The scriptures teach us that fasting brings forth blessings. When his disciples tried to cast an evil spirit out of a boy and couldn’t, and then the Savior could, they asked why. His reply, “Howbeit this kind goeth not out but by prayer and fasting.” (Matthew 17:21) I know the power of prayer and fasting. How could I forget it? I’ve felt its influence many times in my life, both in tangible and intangible ways.
It makes sense that when bearing testimony on Fast Sunday, fasting would be mentioned. Anyway, I was just sitting there, enjoying the meeting, when one comment hit me, hard. A wonderful woman was talking about the blessings she’s seen and mentioned that it was through the power of the fast that her daughter wasn’t in a wheelchair.
“Wait a minute.” my soul cried. “My son IS in a wheelchair.” And the Spirit gently whispered, “Yes, he is. He is in a wheelchair, right here, beside you, happy and smiling.” And I began to be taught.

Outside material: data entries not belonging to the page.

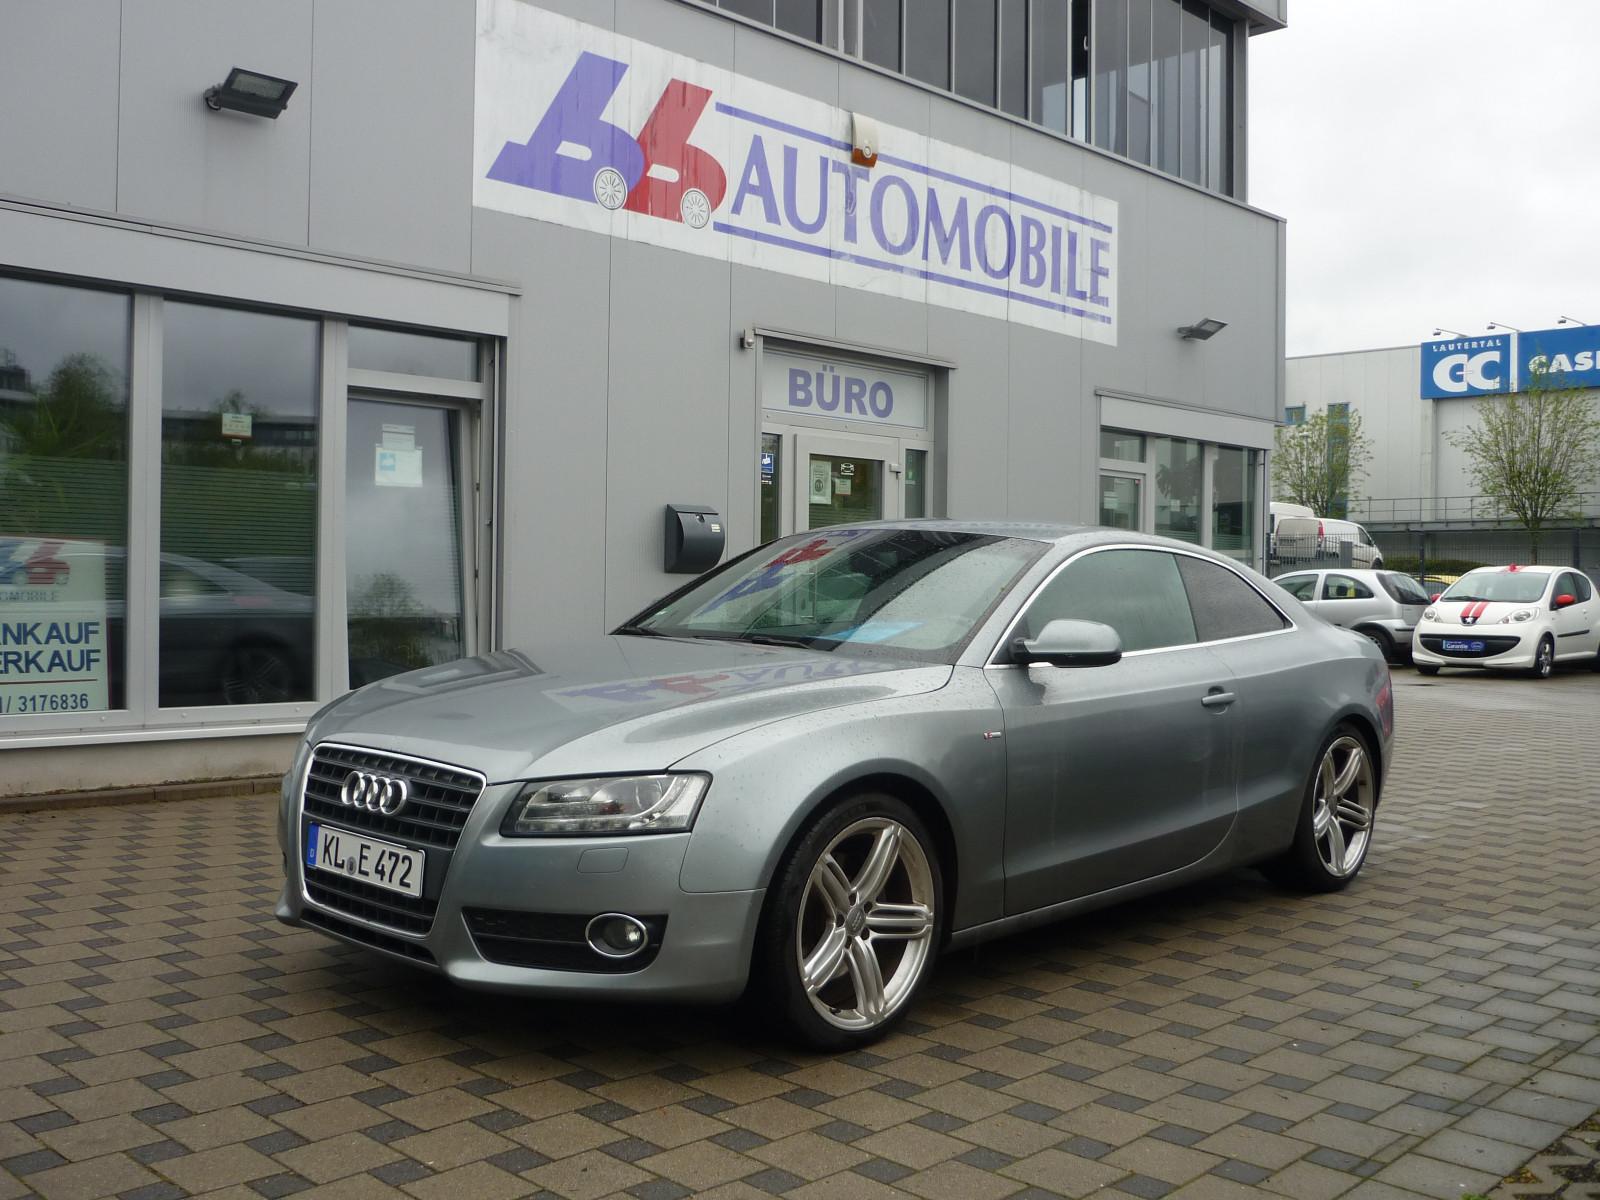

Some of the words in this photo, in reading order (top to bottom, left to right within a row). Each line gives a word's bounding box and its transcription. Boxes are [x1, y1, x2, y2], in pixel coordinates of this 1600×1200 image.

[731, 134, 1110, 307] AUTOMOBILE
[1432, 339, 1502, 352] LAUTERTAL
[788, 364, 894, 419] BÜRO
[0, 622, 99, 645] NKAUF
[18, 693, 89, 712] 3176836
[322, 833, 345, 870] KL
[358, 843, 372, 877] E
[374, 849, 413, 889] 472

Each of our trials is custom-made for us. Mine are different than someone else’s. For a moment, I felt just a tiny bit of the anguish I’ve heard from “angel” moms. Just because our miracle is still alive and we give God the glory, does that mean that their angel was any less of a miracle, or that God loved them less? No, most certainly not. I think, at least for me, the miracle is feeling of God’s love. I don’t know why some have to die and others get to live.
I don’t know why Aaron struggles so much and has chosen (because I believe he chose this life) to fight so hard. I just know that when I’m with him, when he smiles at me, I see God’s love shining through those eyes. If being a Christian means taking upon ourselves the attributes of Christ, then Aaron is the best Christian I have ever been blessed to know. He loves, unconditionally, just like my Savior. He forgives and he works hard and he suffers, innocently, just like Christ did.
Others bore testimony, and it seemed that a few spoke about trials and how the knowledge that God was there for them in their struggles helped them. Then right at the end, the very last speaker bore a powerful testimony of the Savior, and of His resurrection. He spoke of attending a colleague’s funeral yesterday, and the struggle that was. Then he concluded with the wonderful words of Jesus Himself.
“I am the resurrection, and the life: he that believeth in me, though he were dead, yet shall he live.“ (John 11:25)
I couldn’t hold back the tears, but they were tears of thanksgiving and gratitude. Doctors routinely label Trisomy-18 babies “incompatible with life.” We have found that our son is not only compatible with life . . . he is compatible with joy!
I know my Savior loves me. I know He loves Aaron. This life is not all there is, and we will be together again when it is over. I will hold him and love him. He will have a perfect body, one that breathes and eats and laughs and runs. One that won’t need machines and medicine to help him live. One that will let him speak the words of his heart and hear my voice.